Le REEI et le crédit d’impôt pour personnes handicapées
Le régime enregistré d’épargne-invalidité (REEI) vise à assurer la sécurité financière d’un bénéficiaire atteint d’une déficience grave et prolongée de ses fonctions physiques ou mentales. Avec le compte d’épargne libre d’impôt (CELI), le REEI constitue fort probablement un des héritages les plus marquants laissés par l’ancien ministre des Finances du Canada, le regretté Jim Flaherty. Étant lui-même le père d’un enfant handicapé, monsieur Flaherty était particulièrement sensible à la question de protection financière des personnes vulnérables.
Les intervenants
Les principaux intervenants d’un REEI sont le titulaire et le bénéficiaire. Le titulaire met en place et administre le REEI, il effectue ou autorise des cotisations au régime. Le titulaire du REEI peut parfois en être le bénéficiaire. En effet, si ce dernier est majeur et apte, il pourra être titulaire ou cotitulaire du REEI. Le bénéficiaire est celui qui retirera des sommes du REEI; il doit remplir toutes les conditions suivantes :
- être admissible au crédit d’impôt pour personnes handicapées (CIPH);
- détenir un numéro d’assurance sociale;
- résider au Canada;
- être âgé de 59 ans ou moins le 31 décembre de l’année dans laquelle le régime est ouvert.

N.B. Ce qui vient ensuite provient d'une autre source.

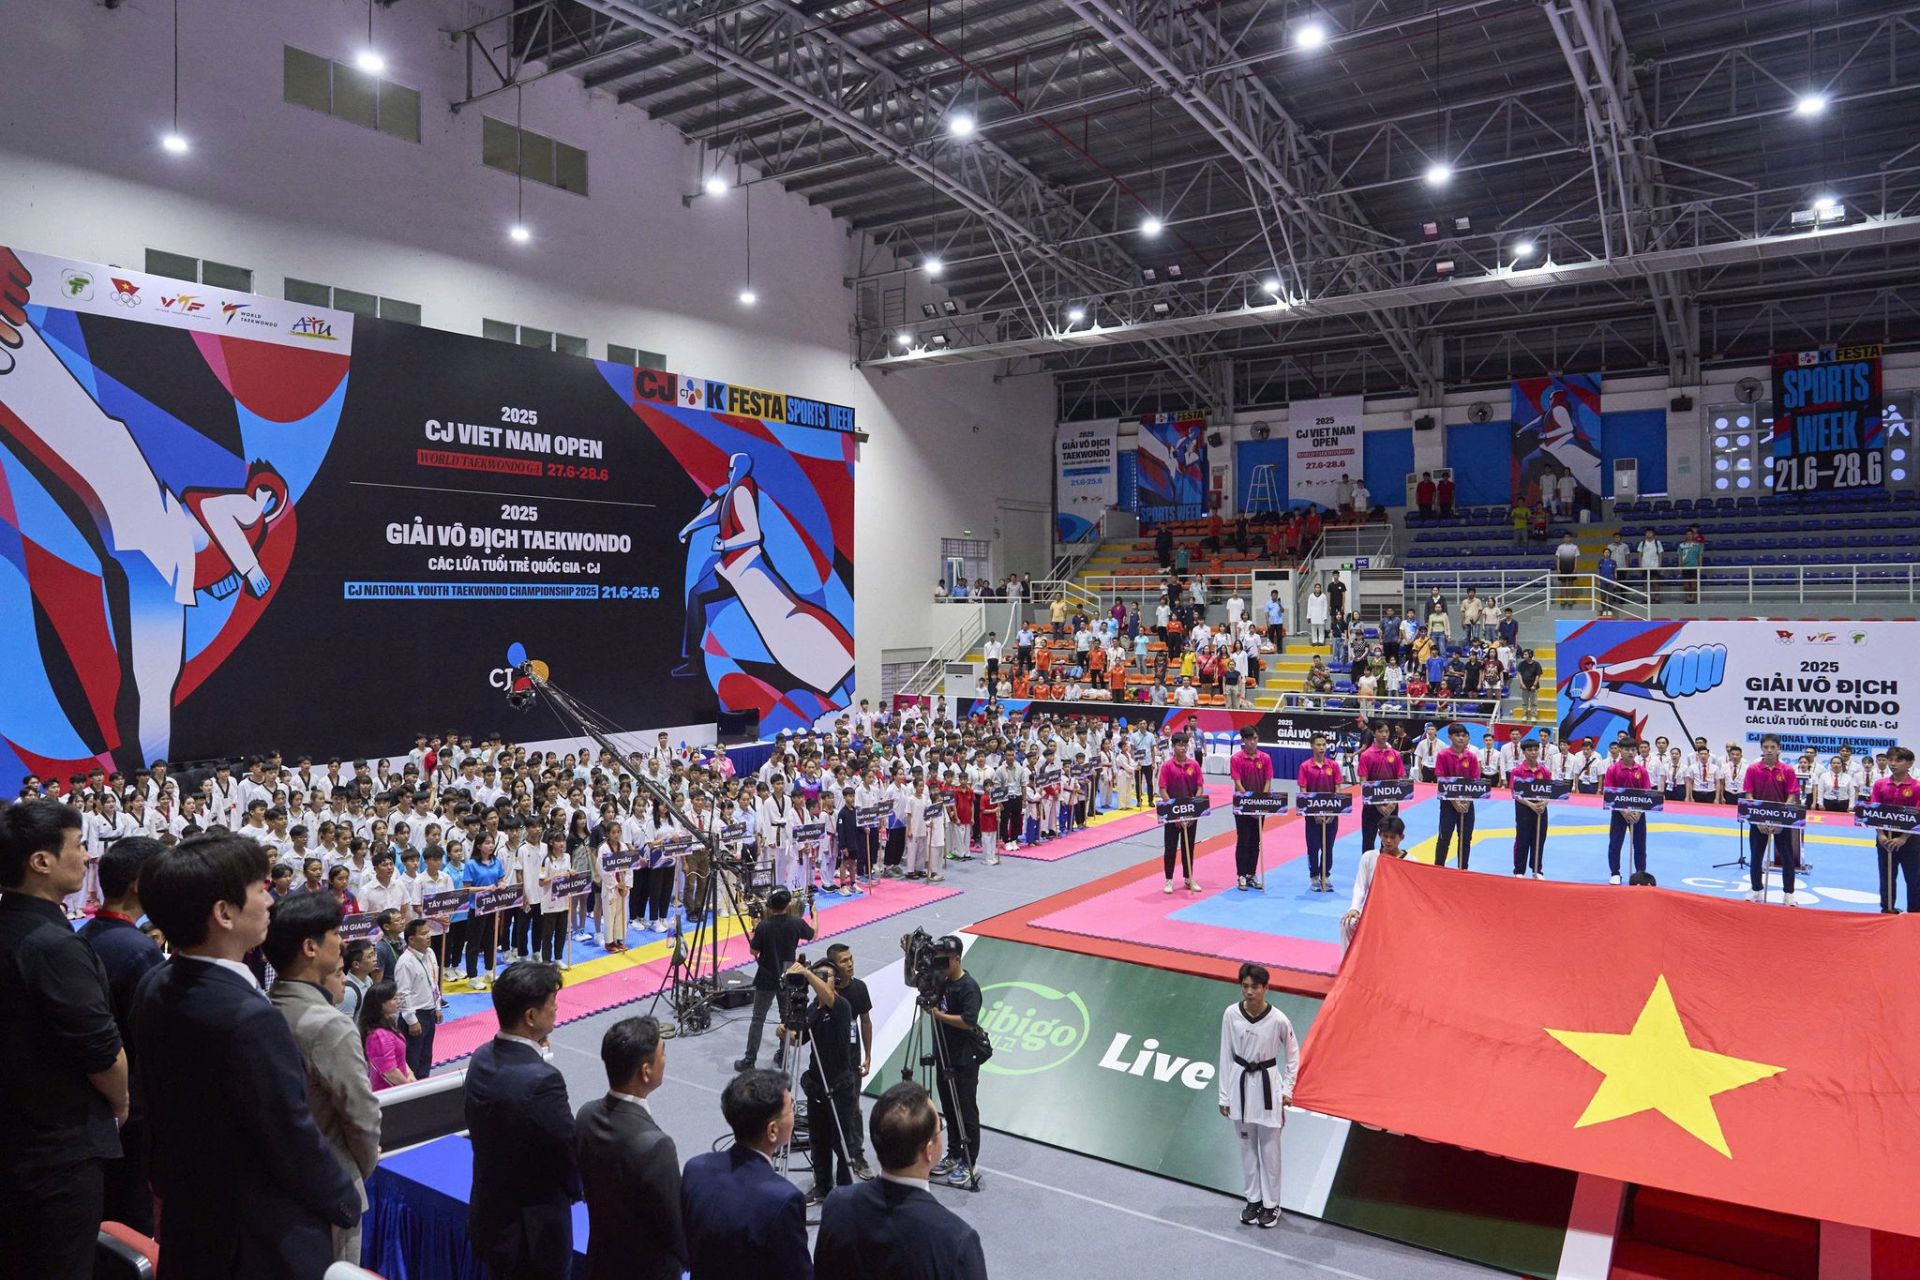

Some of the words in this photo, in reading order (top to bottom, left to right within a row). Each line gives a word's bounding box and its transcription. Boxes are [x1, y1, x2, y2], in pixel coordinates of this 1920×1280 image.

[240, 311, 262, 319] WORLD
[240, 317, 278, 328] TAEKWONDO
[1835, 345, 1882, 361] FESTA
[1783, 362, 1870, 409] SPORTS
[636, 370, 676, 399] CJ
[707, 383, 725, 410] K
[728, 387, 784, 420] FESTA
[787, 399, 826, 427] SPORTS
[828, 404, 854, 431] WEEK
[501, 406, 538, 426] 2025
[1315, 416, 1335, 425] 2025
[1296, 429, 1309, 439] CJ
[1309, 427, 1331, 438] VIET
[1332, 425, 1356, 436] NAM
[1796, 411, 1858, 453] WEEK
[425, 419, 455, 443] CJ
[457, 423, 503, 448] VIET
[505, 429, 551, 454] NAM
[554, 435, 603, 459] OPEN
[1062, 438, 1079, 450] GIẢI
[1312, 437, 1339, 447] OPEN
[1062, 448, 1110, 460] TAEKWONDO
[420, 451, 460, 466] WORLD
[461, 454, 526, 474] TAEKWONDO
[547, 463, 609, 481] 27.6-28.6
[501, 504, 538, 522] 2025
[1140, 506, 1176, 523] SPORTS
[386, 515, 434, 546] GIẢI
[436, 522, 466, 547] VÔ
[469, 527, 519, 554] ĐỊCH
[521, 529, 632, 553] TAEKWONDO
[428, 555, 455, 571] CÁC
[456, 555, 480, 572] LỨA
[481, 554, 508, 572] TUỔI
[509, 556, 530, 573] TRẺ
[531, 556, 561, 574] QUỐC
[562, 561, 580, 574] GIA
[586, 562, 601, 574] CJ
[348, 584, 362, 596] CJ
[364, 584, 416, 596] NATIONAL
[417, 585, 449, 596] YOUTH
[451, 585, 508, 597] TAEKWONDO
[509, 586, 575, 597] CHAMPIONSHIP
[575, 586, 597, 597] 2025
[601, 585, 660, 599] 21.6-25.6
[1799, 661, 1840, 673] 2025
[489, 667, 514, 691] CJ
[1745, 672, 1793, 692] GIẢI
[1797, 676, 1831, 693] VÔ
[1835, 679, 1898, 699] ĐỊCH
[1744, 697, 1900, 716] TAEKWONDO
[1745, 714, 1765, 724] CÁC
[1766, 714, 1786, 725] LỨA
[1788, 715, 1809, 727] TUỔI
[1810, 716, 1829, 728] TRẺ
[1830, 716, 1858, 728] QUỐC
[1859, 720, 1878, 729] GIA
[1885, 720, 1899, 730] CJ
[1277, 726, 1297, 738] GIẢI
[1298, 728, 1312, 739] VÔ
[1748, 734, 1760, 742] CJ
[1806, 736, 1836, 745] YOUTH
[1838, 738, 1896, 747] TAEKWONDO
[1373, 787, 1402, 796] INDIA
[1442, 784, 1463, 792] VIET
[1464, 785, 1487, 793] NAM
[1530, 784, 1552, 793] UAE
[1239, 798, 1282, 806] AFGHANISTAN
[1307, 799, 1342, 808] JAPAN
[1614, 795, 1653, 804] ARMENIA
[1172, 804, 1196, 814] GBR
[1782, 811, 1797, 819] TÀI
[1863, 809, 1917, 823] MALAYSIA
[571, 879, 587, 888] LONG
[442, 897, 460, 906] NINH
[498, 892, 518, 901] VINH
[350, 922, 372, 931] GIANG
[977, 1000, 1077, 1051] ibigo
[1098, 1032, 1216, 1090] Live

Ces exigences doivent être satisfaites au moment d’ouvrir le REEI et chaque fois qu’une cotisation ou une subvention est déposée au régime. Un bénéficiaire ne peut détenir qu’un seul REEI à tout moment. Cependant, un REEI peut avoir plus d’un titulaire en même temps et au cours de son existence. Le bénéficiaire, ses parents, des membres de sa famille ou d’autres cotisants autorisés peuvent contribuer au régime.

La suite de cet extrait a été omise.